**WHAT TO WORK ON:** Each record should be given again exactly, and any picture in it left out.

MATERIAL SUPPLIED below:

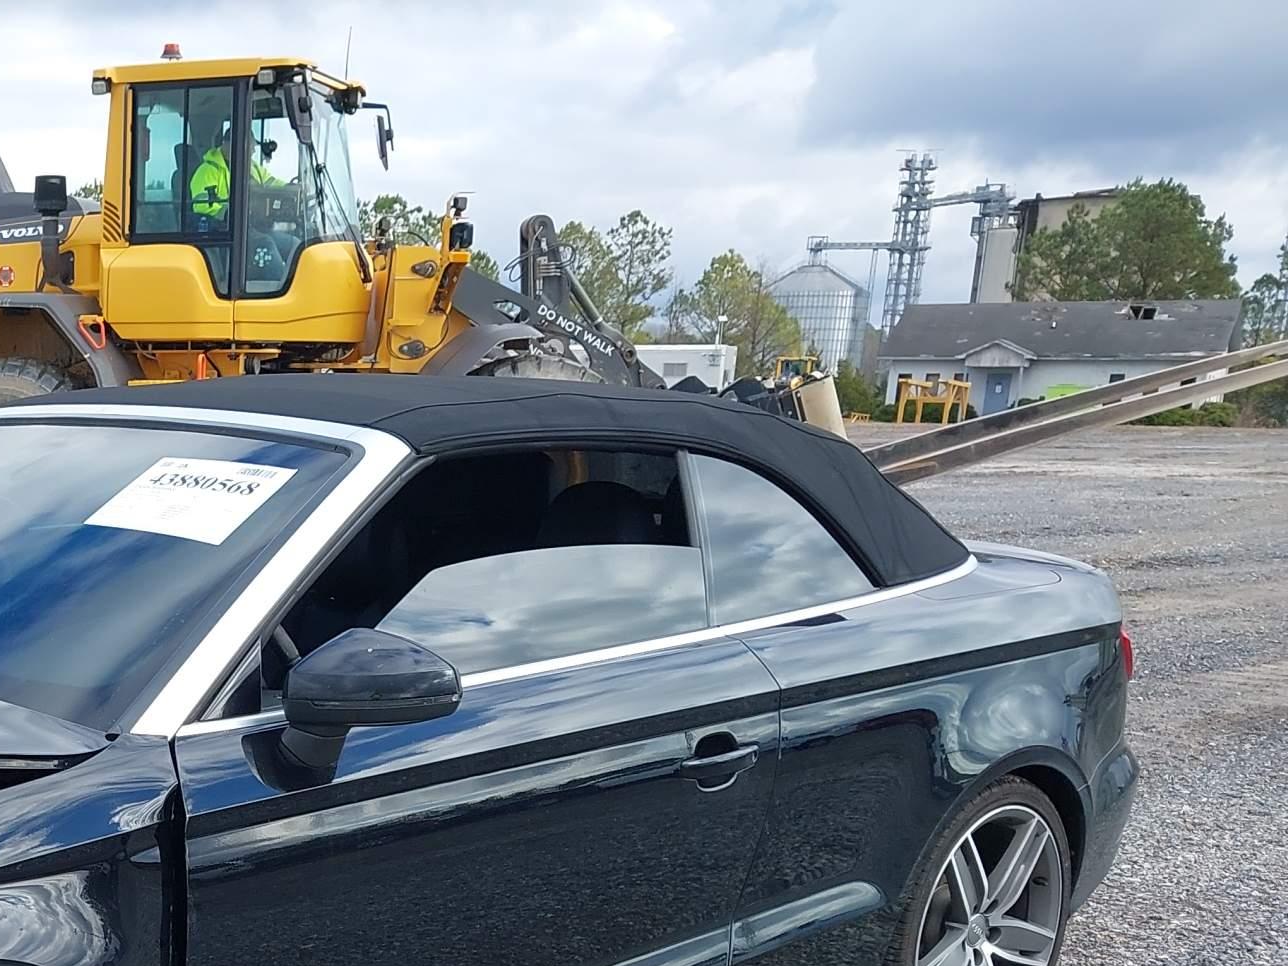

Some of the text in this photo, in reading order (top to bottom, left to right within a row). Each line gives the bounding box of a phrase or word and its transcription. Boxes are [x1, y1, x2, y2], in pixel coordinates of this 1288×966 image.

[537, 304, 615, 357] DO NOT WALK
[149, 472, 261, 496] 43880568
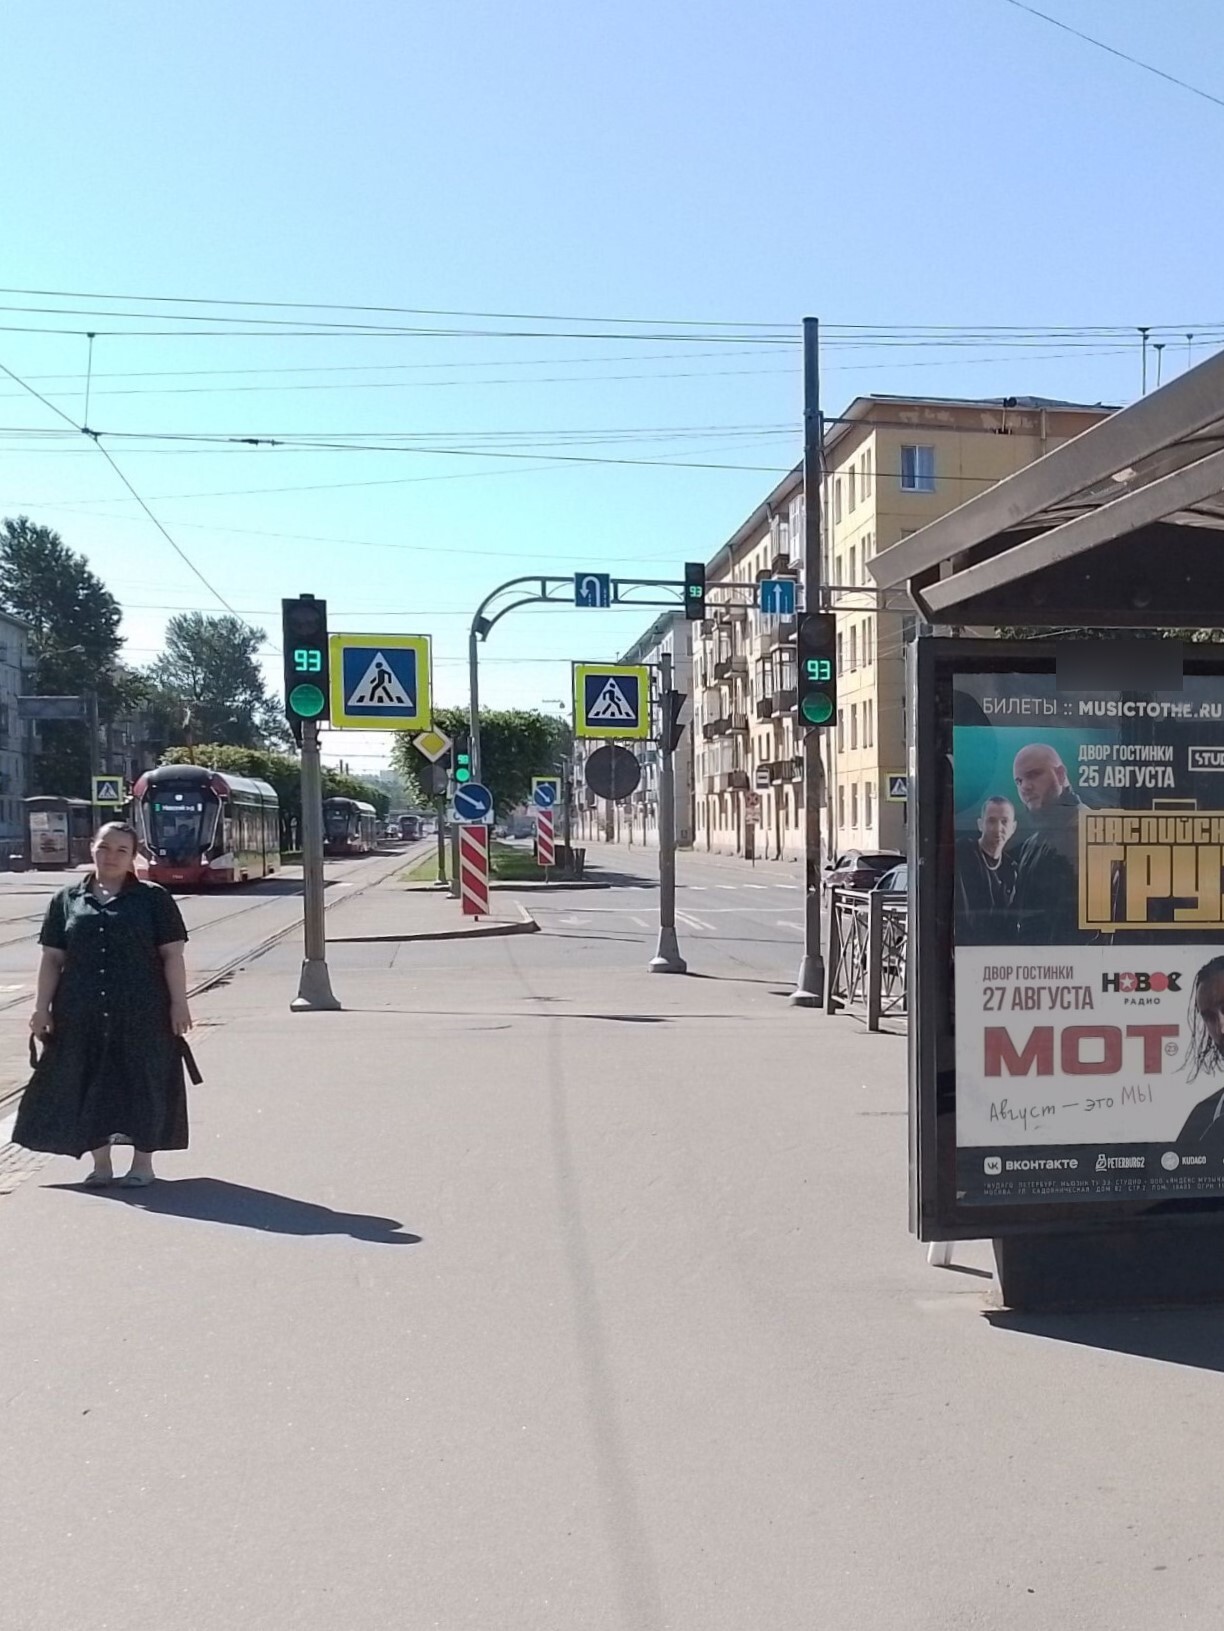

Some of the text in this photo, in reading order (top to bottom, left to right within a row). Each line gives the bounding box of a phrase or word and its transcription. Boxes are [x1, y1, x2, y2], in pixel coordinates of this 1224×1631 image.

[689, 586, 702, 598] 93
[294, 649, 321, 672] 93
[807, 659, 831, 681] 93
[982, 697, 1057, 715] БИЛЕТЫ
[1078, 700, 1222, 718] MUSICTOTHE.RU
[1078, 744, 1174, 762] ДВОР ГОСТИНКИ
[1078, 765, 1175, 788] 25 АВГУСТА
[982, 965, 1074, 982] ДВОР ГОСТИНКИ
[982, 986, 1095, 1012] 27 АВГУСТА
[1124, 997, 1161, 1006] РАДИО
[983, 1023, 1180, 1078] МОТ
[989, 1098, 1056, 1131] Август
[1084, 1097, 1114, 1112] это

End of MATERIAL SUPPLIED.

**YOUR RESPONSE:**
Some of the text in this photo, in reading order (top to bottom, left to right within a row). Each line gives the bounding box of a phrase or word and its transcription. Boxes are [x1, y1, x2, y2], in pixel coordinates of this 1288×966 image.

[537, 304, 615, 357] DO NOT WALK
[149, 472, 261, 496] 43880568

Some of the text in this photo, in reading order (top to bottom, left to right within a row). Each line gives the bounding box of a phrase or word and its transcription. Boxes are [x1, y1, x2, y2], in pixel coordinates of this 1224×1631 image.

[689, 586, 702, 598] 93
[294, 649, 321, 672] 93
[807, 659, 831, 681] 93
[982, 697, 1057, 715] БИЛЕТЫ
[1078, 700, 1222, 718] MUSICTOTHE.RU
[1078, 744, 1174, 762] ДВОР ГОСТИНКИ
[1078, 765, 1175, 788] 25 АВГУСТА
[982, 965, 1074, 982] ДВОР ГОСТИНКИ
[982, 986, 1095, 1012] 27 АВГУСТА
[1124, 997, 1161, 1006] РАДИО
[983, 1023, 1180, 1078] МОТ
[989, 1098, 1056, 1131] Август
[1084, 1097, 1114, 1112] это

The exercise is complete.